> _WHAT TO DO_
Starting with the line where "this 1334×1500 image." appears, print every line through the end of the entries below exactly as it stands, and leave out the pictures.

> _EXTRACTED DATA_
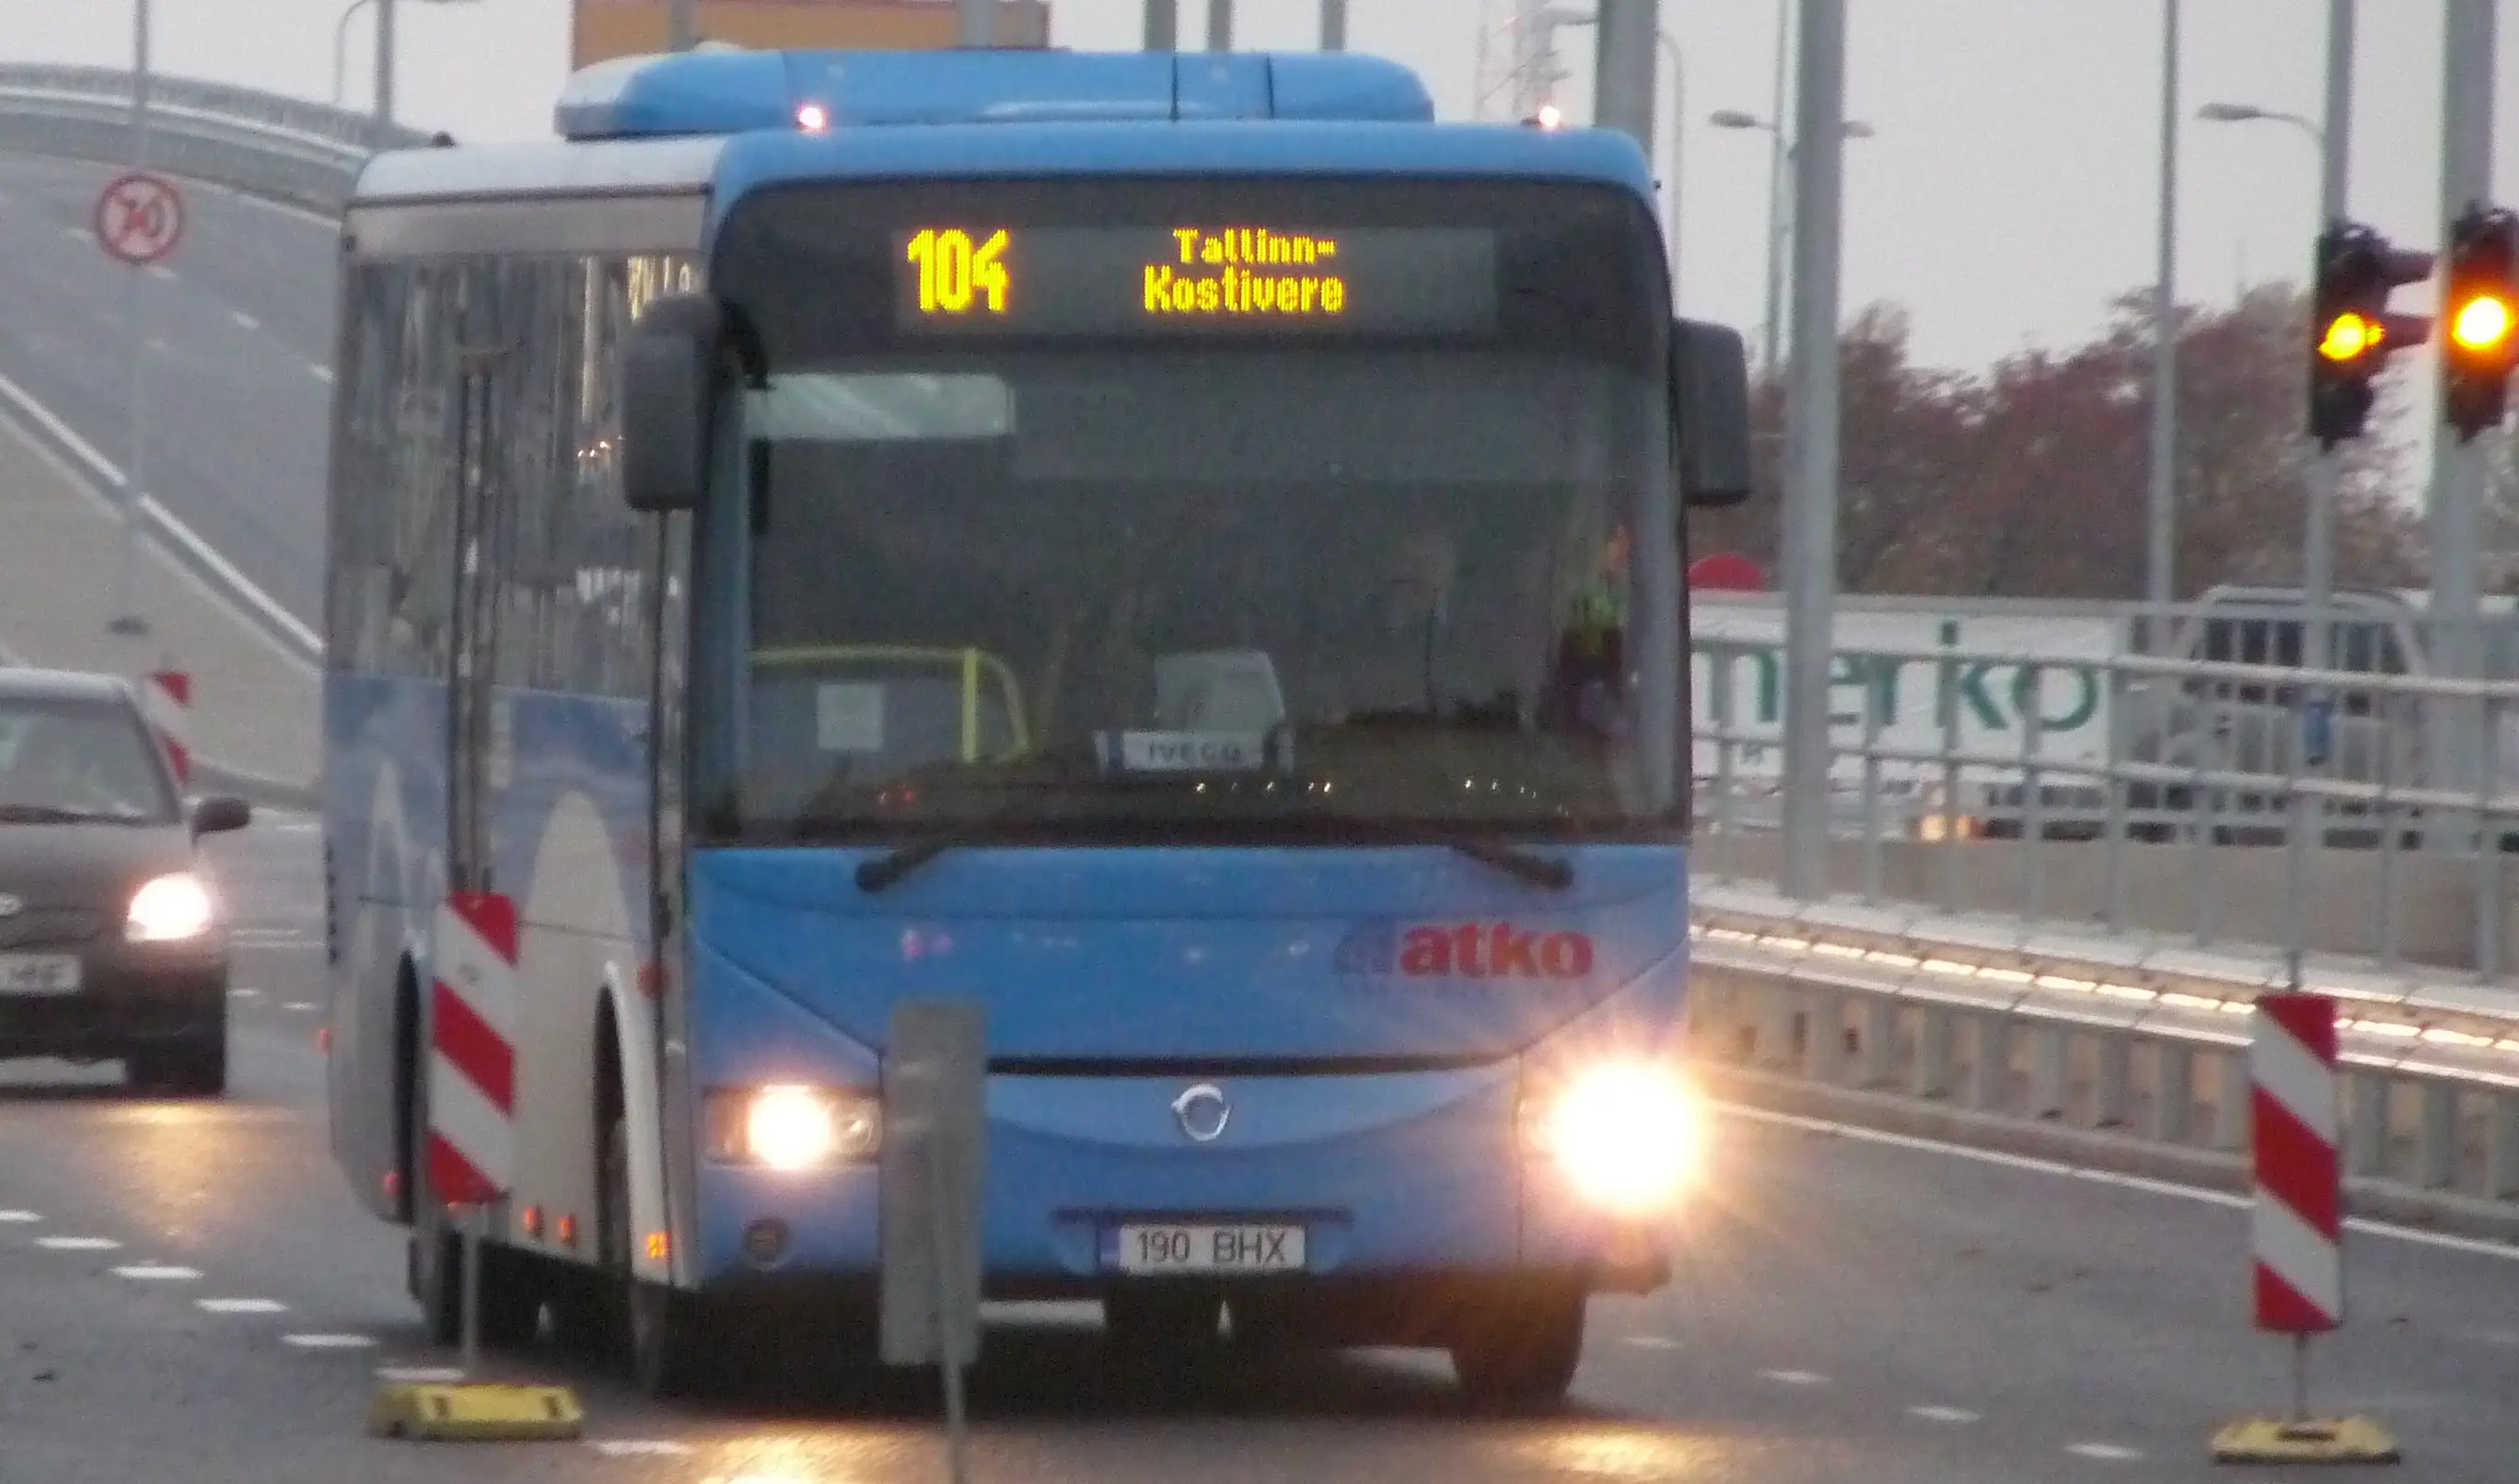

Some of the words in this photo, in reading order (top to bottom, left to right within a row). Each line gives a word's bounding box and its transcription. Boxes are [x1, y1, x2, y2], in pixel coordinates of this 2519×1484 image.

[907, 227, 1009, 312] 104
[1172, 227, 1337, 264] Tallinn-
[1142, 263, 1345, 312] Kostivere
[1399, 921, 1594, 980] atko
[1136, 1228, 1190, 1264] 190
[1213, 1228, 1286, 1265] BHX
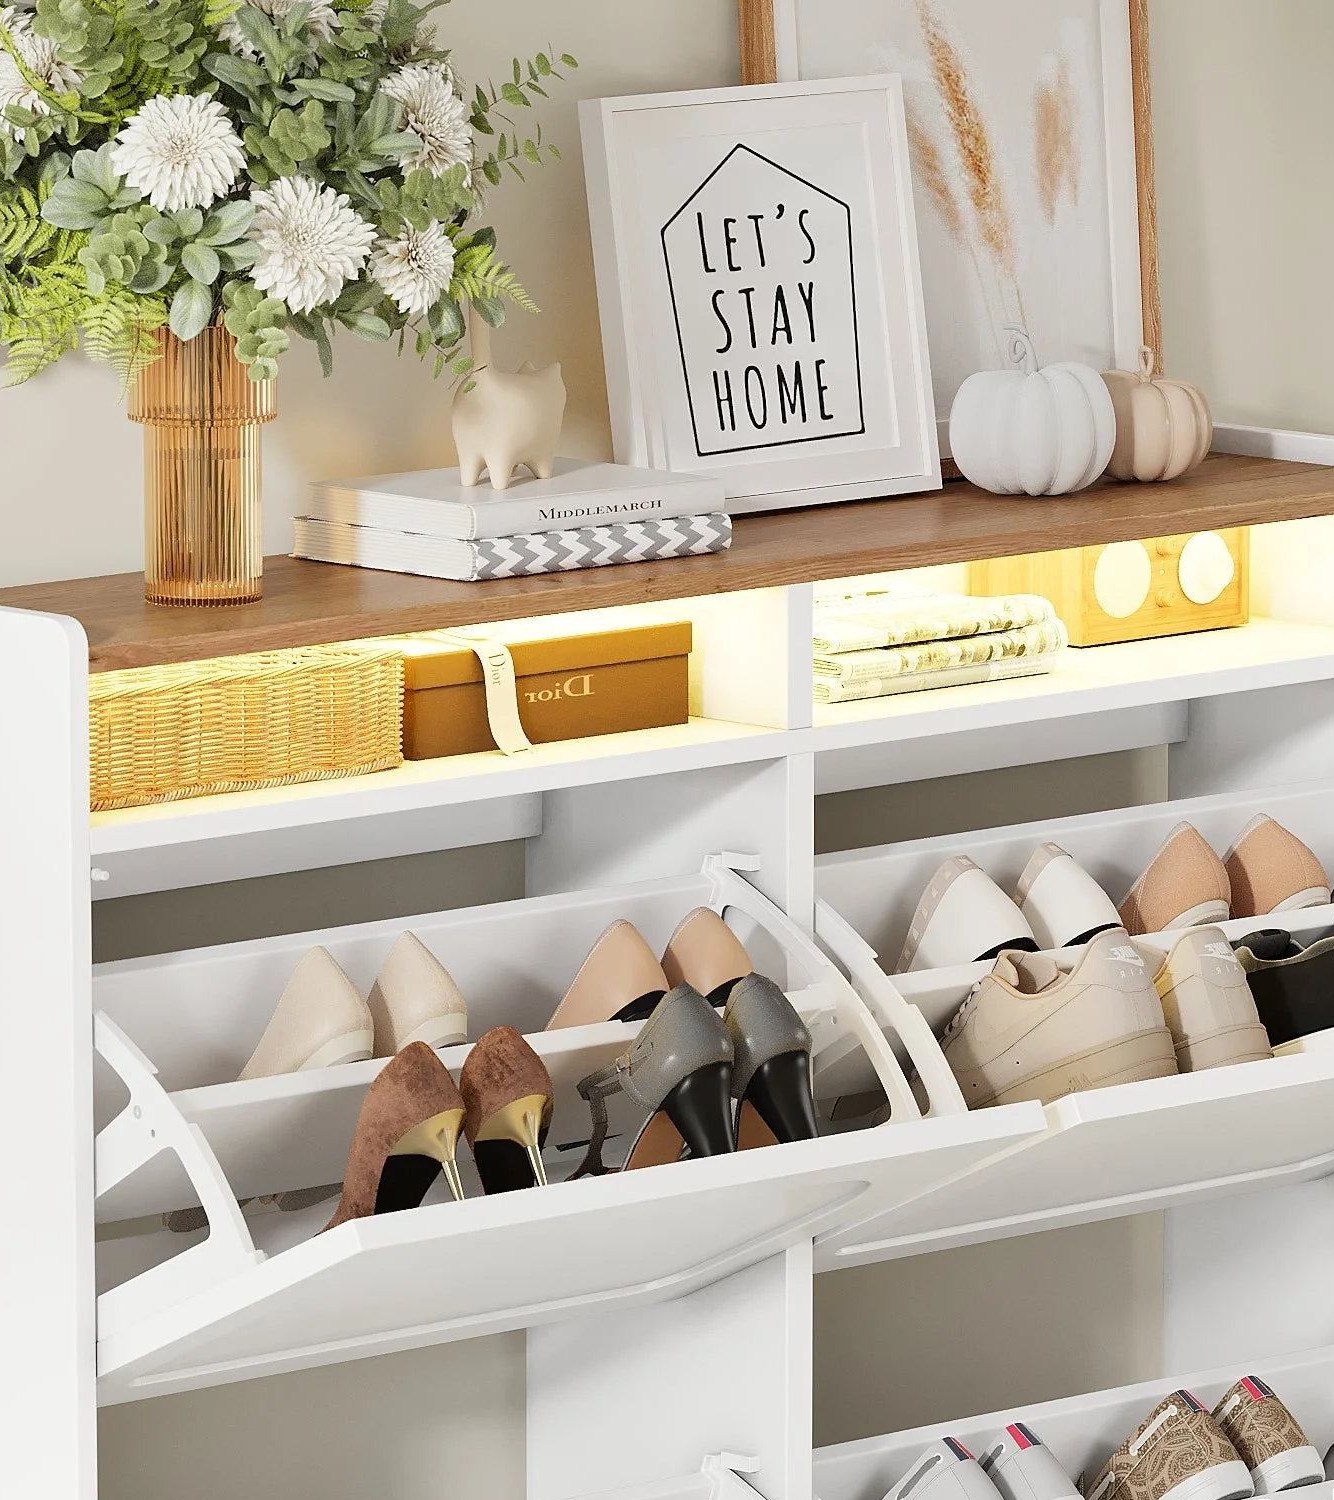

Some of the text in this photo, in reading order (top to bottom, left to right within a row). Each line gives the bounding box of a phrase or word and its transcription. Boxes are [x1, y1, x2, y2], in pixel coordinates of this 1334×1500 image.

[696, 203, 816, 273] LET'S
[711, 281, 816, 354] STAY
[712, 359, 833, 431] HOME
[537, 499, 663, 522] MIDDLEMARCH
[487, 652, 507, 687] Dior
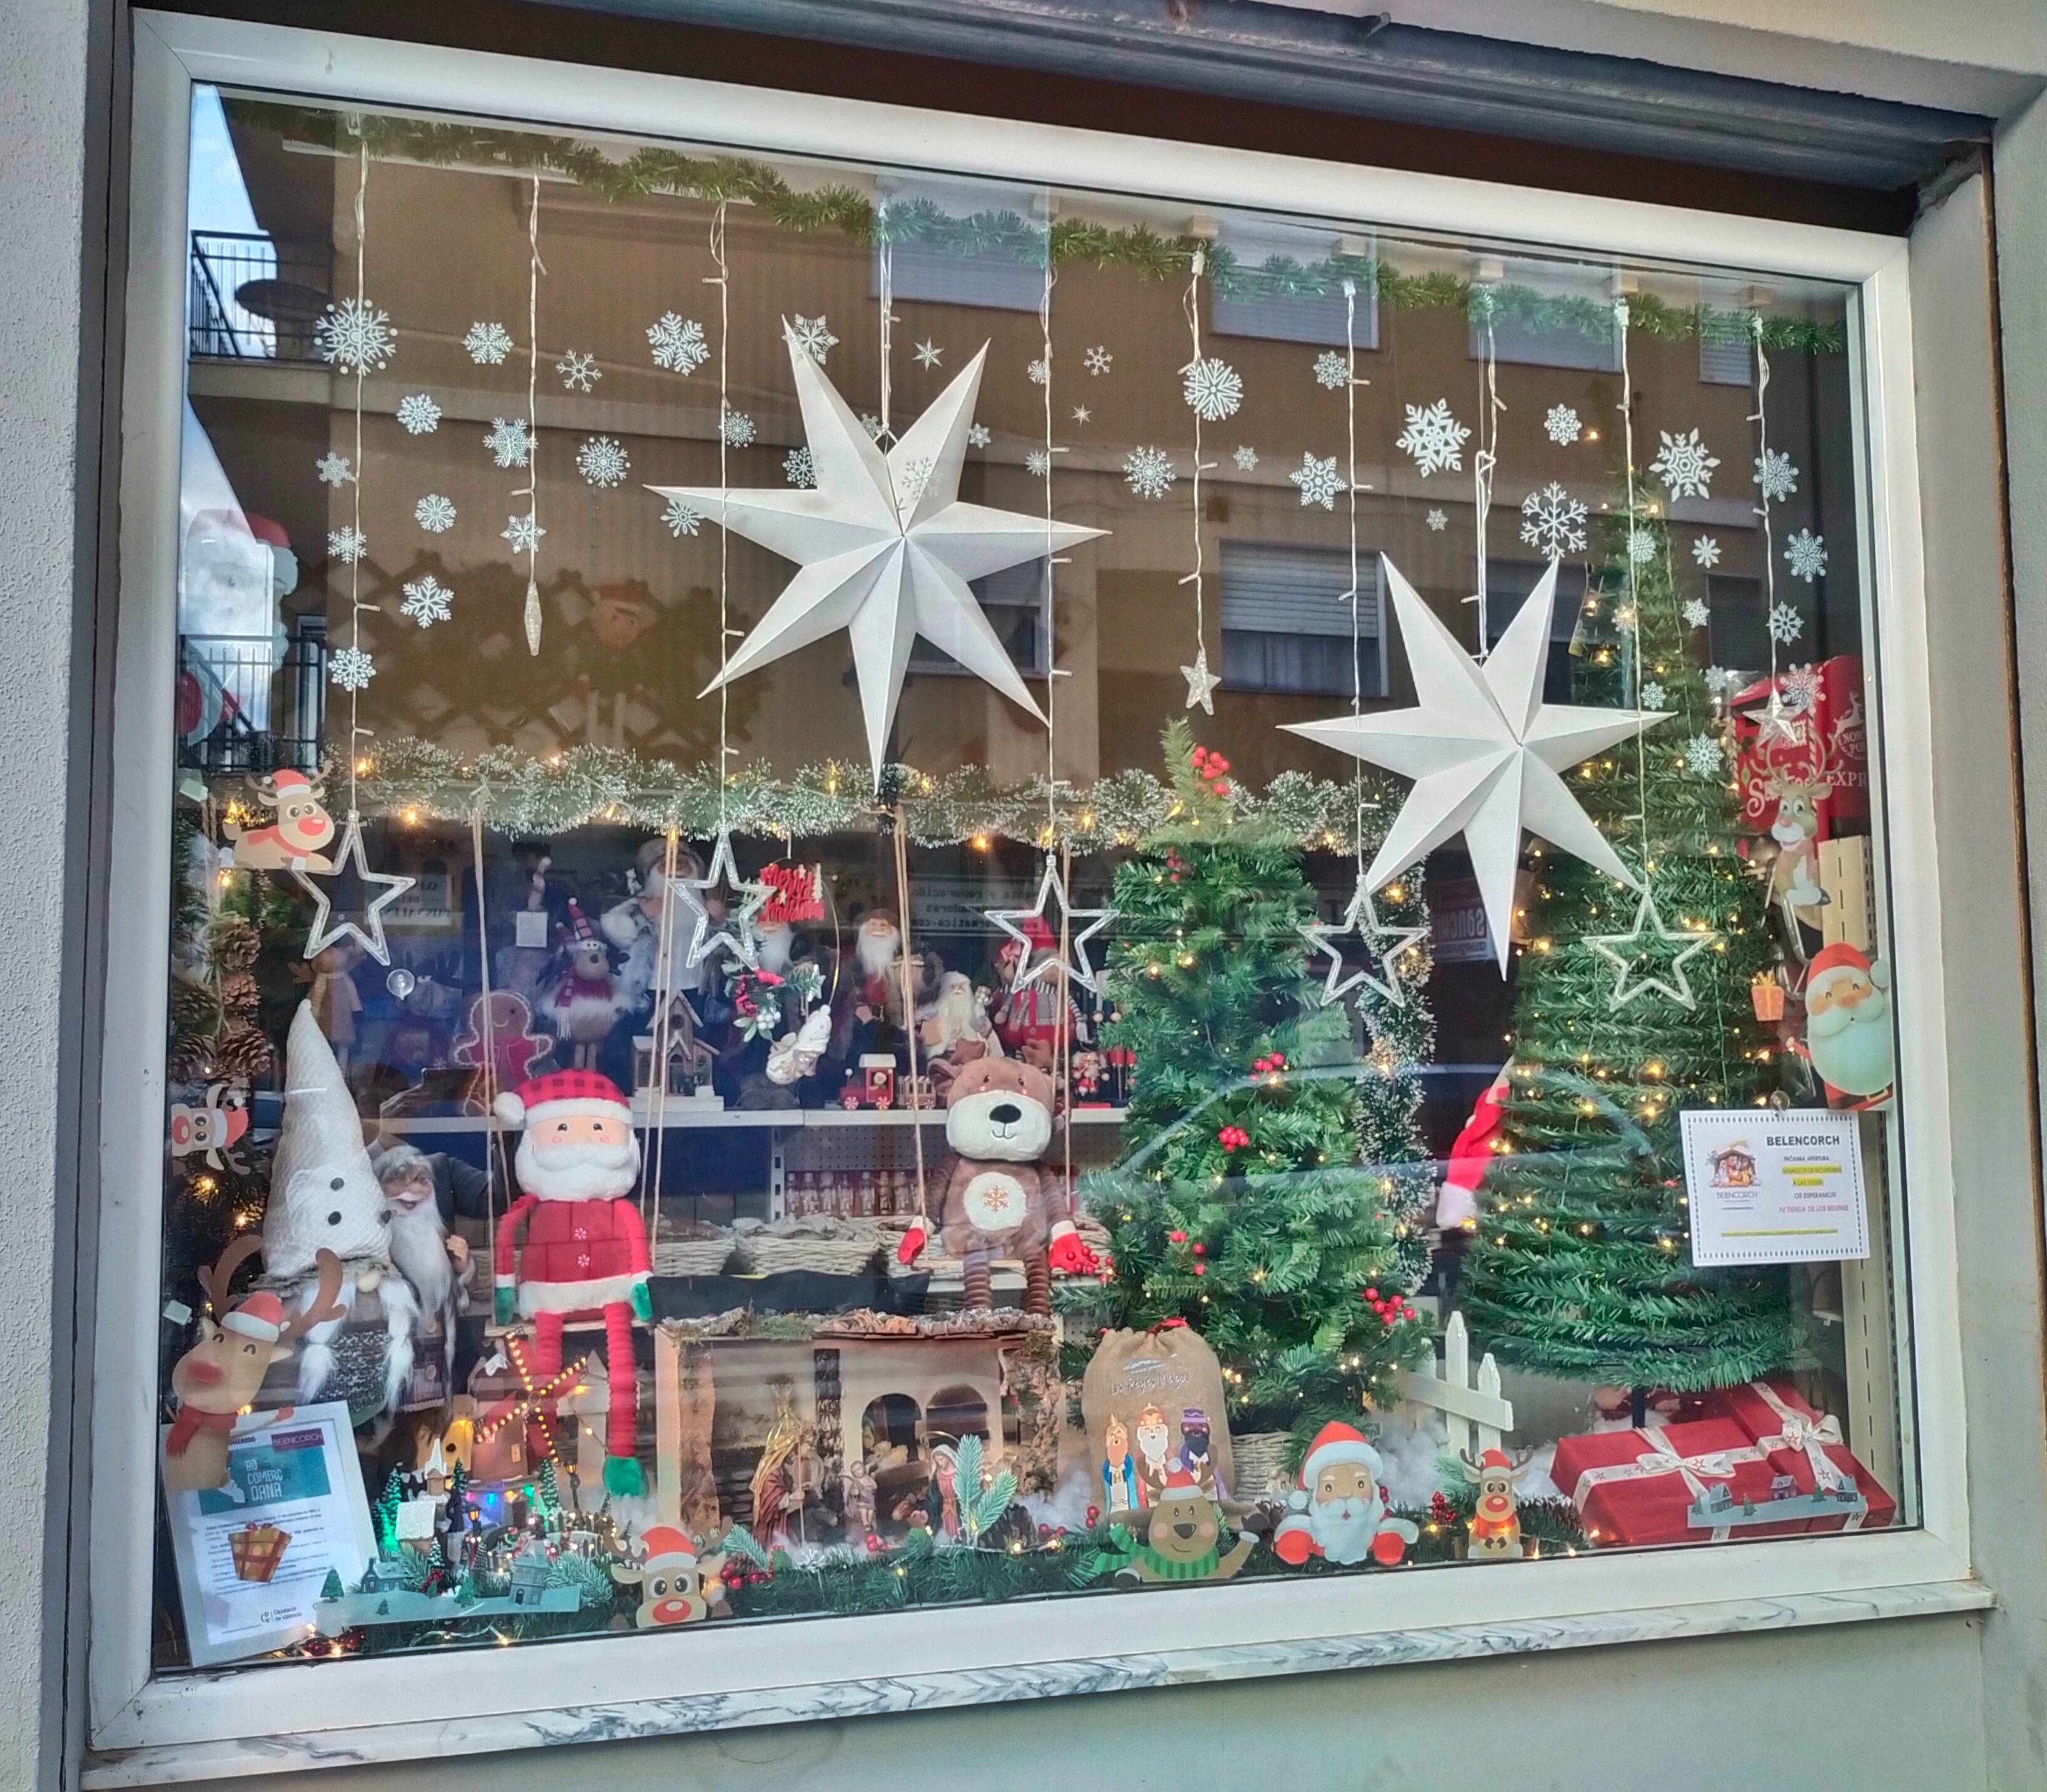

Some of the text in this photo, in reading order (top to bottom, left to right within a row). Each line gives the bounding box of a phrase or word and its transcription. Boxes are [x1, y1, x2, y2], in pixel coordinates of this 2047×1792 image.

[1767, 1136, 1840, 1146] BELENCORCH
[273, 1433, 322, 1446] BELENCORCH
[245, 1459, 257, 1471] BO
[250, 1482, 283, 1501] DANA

> _SOLUTION TO THIS TASK_
Some of the text in this photo, in reading order (top to bottom, left to right within a row). Each line gives the bounding box of a phrase or word and its transcription. Boxes are [x1, y1, x2, y2], in pixel coordinates of this 1334×1500 image.

[696, 203, 816, 273] LET'S
[711, 281, 816, 354] STAY
[712, 359, 833, 431] HOME
[537, 499, 663, 522] MIDDLEMARCH
[487, 652, 507, 687] Dior

Some of the text in this photo, in reading order (top to bottom, left to right within a row). Each line gives the bounding box of a phrase or word and its transcription. Boxes are [x1, y1, x2, y2], in pixel coordinates of this 2047×1792 image.

[1767, 1136, 1840, 1146] BELENCORCH
[273, 1433, 322, 1446] BELENCORCH
[245, 1459, 257, 1471] BO
[250, 1482, 283, 1501] DANA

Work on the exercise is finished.